TASK ITEM: Start at the line holding "this 1344×1512 image.". Write out that line and each one after it to the end of the data, unchanged.
* * *
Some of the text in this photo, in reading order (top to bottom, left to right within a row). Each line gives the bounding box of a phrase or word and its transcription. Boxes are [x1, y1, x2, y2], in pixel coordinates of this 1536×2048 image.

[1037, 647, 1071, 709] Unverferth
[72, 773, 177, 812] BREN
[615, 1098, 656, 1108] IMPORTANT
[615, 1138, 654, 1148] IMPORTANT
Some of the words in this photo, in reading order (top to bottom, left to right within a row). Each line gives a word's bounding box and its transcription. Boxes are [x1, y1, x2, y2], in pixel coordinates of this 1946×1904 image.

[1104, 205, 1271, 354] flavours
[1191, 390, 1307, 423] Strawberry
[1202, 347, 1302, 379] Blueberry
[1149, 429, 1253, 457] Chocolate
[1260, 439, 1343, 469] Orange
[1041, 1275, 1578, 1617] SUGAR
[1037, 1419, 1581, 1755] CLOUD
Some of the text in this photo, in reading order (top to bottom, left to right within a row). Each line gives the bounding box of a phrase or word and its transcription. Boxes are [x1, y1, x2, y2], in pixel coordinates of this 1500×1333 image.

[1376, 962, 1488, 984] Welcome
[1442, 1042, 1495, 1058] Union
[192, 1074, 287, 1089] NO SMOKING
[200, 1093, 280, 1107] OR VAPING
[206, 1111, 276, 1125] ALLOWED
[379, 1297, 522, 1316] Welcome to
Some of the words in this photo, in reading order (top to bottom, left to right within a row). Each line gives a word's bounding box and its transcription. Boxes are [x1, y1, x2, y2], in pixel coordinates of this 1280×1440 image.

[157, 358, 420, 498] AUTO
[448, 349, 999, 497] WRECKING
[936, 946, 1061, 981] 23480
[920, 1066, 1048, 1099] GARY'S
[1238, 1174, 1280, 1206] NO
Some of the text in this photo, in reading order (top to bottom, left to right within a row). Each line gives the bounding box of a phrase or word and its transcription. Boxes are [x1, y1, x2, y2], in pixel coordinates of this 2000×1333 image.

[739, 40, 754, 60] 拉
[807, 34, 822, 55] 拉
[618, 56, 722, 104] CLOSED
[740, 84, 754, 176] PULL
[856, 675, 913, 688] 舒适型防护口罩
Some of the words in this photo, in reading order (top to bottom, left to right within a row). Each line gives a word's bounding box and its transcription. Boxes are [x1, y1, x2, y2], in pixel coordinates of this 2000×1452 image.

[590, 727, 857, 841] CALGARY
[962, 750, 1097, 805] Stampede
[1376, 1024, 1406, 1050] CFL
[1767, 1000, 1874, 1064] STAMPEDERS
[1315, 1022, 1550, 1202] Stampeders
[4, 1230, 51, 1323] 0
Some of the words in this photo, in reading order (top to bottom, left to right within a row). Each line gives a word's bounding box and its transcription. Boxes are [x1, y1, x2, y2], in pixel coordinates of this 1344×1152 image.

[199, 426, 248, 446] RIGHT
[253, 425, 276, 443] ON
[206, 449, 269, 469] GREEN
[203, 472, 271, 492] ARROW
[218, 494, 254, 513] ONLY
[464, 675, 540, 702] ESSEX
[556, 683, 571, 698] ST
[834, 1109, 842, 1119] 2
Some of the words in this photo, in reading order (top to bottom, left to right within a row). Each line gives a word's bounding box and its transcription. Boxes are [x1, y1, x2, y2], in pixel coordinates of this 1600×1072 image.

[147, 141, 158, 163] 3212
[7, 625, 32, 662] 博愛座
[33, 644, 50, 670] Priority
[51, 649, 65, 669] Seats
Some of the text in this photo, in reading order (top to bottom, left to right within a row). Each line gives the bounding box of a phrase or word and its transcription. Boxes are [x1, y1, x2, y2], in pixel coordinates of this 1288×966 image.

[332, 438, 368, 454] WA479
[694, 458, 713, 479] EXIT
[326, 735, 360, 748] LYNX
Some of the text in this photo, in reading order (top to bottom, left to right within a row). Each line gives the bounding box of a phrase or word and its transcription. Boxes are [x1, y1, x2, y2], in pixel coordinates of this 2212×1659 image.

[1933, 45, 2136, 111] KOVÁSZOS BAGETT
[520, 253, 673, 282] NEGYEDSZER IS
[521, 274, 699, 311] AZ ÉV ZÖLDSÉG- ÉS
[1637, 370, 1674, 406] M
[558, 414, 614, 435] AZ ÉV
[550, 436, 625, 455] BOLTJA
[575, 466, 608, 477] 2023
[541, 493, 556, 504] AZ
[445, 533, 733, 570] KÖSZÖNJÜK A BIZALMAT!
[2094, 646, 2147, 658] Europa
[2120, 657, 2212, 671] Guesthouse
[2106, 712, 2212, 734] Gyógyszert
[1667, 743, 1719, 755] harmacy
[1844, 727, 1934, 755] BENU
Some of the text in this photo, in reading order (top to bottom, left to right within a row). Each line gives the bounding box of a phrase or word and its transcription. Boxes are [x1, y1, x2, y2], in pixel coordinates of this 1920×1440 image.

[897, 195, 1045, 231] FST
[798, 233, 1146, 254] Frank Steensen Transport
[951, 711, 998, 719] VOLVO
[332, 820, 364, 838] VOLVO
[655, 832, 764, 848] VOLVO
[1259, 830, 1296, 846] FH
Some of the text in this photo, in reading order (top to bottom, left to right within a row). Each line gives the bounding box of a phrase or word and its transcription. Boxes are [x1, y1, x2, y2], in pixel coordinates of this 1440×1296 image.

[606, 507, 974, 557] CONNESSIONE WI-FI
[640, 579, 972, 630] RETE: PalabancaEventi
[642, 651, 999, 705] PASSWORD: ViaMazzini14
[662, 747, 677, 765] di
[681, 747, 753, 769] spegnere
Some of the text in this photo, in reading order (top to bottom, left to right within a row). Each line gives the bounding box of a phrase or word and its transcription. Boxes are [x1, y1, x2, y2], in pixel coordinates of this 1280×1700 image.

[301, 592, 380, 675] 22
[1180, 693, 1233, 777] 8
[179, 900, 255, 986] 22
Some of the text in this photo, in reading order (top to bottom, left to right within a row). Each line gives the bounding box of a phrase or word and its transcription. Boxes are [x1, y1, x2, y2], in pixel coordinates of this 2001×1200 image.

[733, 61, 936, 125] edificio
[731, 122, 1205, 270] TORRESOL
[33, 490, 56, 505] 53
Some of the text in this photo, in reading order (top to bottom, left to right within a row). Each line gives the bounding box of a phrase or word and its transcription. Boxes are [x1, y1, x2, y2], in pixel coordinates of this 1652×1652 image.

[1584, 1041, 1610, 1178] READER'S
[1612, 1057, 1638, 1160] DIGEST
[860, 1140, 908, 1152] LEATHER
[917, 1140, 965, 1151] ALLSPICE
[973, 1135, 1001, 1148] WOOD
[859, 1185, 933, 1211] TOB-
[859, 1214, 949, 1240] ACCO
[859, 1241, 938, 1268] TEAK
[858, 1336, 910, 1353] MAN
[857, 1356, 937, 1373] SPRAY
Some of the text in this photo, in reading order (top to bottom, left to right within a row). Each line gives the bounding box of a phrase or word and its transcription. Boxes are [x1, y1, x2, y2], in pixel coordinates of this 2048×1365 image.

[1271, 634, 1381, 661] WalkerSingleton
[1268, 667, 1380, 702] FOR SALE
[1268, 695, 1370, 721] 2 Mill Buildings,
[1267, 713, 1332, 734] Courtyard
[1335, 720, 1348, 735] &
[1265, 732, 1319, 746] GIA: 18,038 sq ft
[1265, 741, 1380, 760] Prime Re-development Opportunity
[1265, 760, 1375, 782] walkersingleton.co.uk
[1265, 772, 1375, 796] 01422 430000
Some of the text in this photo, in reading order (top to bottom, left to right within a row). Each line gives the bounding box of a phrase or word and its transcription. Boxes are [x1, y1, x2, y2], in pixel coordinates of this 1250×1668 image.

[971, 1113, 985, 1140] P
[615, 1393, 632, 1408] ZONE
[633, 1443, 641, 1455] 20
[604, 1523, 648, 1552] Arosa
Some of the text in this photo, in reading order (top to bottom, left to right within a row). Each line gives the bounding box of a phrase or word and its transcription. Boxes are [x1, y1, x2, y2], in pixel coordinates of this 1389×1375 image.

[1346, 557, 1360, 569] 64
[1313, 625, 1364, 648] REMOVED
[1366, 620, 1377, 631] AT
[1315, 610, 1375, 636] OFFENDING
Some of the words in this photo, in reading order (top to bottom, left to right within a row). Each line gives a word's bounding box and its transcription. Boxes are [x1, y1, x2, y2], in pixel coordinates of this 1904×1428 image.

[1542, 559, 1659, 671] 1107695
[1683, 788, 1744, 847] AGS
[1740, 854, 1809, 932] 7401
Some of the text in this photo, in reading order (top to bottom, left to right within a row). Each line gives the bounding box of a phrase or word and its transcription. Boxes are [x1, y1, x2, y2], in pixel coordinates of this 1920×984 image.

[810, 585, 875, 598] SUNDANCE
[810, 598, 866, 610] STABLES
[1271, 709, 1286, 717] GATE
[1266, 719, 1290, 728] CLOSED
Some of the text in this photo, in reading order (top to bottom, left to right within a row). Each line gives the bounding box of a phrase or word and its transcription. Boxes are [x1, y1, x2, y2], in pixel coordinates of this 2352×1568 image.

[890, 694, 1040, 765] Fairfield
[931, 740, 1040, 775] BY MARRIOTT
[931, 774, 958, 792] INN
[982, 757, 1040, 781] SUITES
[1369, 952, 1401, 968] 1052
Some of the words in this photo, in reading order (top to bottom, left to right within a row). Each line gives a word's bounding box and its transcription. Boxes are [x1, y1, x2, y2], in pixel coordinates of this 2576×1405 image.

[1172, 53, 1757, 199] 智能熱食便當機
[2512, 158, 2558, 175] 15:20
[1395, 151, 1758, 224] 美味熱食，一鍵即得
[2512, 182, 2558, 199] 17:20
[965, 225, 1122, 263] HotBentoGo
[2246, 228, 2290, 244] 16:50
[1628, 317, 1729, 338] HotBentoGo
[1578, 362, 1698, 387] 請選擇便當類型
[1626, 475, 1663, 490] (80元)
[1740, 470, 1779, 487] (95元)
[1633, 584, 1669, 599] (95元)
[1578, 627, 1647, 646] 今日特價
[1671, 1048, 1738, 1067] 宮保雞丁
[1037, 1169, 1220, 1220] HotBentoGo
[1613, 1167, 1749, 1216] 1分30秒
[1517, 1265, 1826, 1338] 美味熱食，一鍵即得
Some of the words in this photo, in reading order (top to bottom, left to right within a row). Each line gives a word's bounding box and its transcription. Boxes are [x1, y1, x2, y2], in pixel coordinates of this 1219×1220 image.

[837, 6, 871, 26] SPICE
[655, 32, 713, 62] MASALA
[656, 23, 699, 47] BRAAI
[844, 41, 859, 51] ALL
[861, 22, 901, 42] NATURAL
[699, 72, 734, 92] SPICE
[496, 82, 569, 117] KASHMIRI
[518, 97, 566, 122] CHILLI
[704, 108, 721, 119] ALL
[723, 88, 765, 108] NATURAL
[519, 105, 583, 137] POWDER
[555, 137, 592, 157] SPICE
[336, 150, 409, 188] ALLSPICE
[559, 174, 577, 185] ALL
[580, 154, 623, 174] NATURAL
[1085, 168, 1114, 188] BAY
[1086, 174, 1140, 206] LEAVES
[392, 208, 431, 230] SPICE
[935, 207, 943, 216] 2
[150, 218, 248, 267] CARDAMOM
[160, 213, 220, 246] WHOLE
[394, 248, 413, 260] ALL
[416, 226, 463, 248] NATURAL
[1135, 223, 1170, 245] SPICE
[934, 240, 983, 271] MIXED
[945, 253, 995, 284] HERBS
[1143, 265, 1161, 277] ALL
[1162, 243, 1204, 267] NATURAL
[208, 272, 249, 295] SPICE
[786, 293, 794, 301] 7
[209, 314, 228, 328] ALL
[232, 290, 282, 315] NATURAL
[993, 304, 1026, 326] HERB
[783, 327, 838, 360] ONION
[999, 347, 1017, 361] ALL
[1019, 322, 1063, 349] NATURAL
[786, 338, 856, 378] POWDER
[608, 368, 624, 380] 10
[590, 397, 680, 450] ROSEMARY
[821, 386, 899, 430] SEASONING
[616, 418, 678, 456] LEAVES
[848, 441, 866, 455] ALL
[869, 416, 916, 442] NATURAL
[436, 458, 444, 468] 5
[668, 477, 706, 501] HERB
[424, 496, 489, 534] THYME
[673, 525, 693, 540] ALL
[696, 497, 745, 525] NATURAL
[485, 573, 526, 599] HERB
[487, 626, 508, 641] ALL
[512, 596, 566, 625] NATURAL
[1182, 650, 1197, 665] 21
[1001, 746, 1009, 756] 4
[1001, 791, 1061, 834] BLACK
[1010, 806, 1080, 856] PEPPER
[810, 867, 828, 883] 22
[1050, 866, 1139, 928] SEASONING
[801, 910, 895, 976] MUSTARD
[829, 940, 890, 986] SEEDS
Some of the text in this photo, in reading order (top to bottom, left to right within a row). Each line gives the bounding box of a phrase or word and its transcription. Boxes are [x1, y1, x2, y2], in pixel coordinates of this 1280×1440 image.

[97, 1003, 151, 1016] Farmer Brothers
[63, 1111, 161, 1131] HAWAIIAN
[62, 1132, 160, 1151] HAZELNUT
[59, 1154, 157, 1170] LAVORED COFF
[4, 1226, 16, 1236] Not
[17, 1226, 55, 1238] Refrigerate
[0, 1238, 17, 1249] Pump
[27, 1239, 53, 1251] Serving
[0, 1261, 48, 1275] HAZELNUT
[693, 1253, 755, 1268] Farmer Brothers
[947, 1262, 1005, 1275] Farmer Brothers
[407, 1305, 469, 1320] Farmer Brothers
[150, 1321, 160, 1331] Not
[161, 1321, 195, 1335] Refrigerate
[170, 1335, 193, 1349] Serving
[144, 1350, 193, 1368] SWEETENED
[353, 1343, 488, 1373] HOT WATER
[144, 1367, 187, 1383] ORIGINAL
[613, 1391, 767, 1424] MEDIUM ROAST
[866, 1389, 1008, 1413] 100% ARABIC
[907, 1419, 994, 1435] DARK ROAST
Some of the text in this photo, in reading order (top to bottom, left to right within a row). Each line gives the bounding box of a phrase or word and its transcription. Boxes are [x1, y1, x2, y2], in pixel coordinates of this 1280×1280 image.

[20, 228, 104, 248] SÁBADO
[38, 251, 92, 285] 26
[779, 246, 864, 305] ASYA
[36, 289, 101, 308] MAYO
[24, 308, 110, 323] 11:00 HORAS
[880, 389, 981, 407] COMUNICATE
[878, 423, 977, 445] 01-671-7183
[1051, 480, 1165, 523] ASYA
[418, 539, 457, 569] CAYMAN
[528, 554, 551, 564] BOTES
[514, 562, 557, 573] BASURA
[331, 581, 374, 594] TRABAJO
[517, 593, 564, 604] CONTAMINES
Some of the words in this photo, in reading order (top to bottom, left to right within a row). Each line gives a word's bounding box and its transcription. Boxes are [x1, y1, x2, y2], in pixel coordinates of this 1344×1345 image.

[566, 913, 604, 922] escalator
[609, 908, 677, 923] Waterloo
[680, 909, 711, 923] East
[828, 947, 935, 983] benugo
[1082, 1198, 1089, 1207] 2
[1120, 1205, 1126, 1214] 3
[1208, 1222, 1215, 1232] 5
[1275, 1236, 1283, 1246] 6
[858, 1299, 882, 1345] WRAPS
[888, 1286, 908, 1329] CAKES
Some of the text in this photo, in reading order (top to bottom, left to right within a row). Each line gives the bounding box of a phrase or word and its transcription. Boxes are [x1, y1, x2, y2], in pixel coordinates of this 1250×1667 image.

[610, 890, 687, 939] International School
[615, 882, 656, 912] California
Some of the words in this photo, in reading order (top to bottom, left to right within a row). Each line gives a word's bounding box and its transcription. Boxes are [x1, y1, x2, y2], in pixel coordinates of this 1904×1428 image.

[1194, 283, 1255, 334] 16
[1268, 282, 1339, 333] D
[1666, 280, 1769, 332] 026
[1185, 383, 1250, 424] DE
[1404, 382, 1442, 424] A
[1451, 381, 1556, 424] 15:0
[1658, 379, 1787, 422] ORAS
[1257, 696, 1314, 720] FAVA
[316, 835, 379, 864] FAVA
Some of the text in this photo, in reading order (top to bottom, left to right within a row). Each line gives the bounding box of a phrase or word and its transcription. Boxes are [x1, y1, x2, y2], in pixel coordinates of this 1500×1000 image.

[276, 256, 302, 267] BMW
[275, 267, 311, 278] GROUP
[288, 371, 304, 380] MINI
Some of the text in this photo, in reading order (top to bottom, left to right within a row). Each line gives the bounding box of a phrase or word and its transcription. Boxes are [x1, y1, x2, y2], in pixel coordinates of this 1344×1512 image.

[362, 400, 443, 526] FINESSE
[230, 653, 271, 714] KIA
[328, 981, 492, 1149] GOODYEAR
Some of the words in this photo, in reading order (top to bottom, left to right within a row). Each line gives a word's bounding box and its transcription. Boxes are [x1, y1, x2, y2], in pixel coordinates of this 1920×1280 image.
* * *
SOLUTION FOR THIS PROBLEM:
Some of the text in this photo, in reading order (top to bottom, left to right within a row). Each line gives the bounding box of a phrase or word and its transcription. Boxes are [x1, y1, x2, y2], in pixel coordinates of this 1344×1512 image.

[362, 400, 443, 526] FINESSE
[230, 653, 271, 714] KIA
[328, 981, 492, 1149] GOODYEAR
Some of the words in this photo, in reading order (top to bottom, left to right within a row). Each line gives a word's bounding box and its transcription. Boxes are [x1, y1, x2, y2], in pixel coordinates of this 1920×1280 image.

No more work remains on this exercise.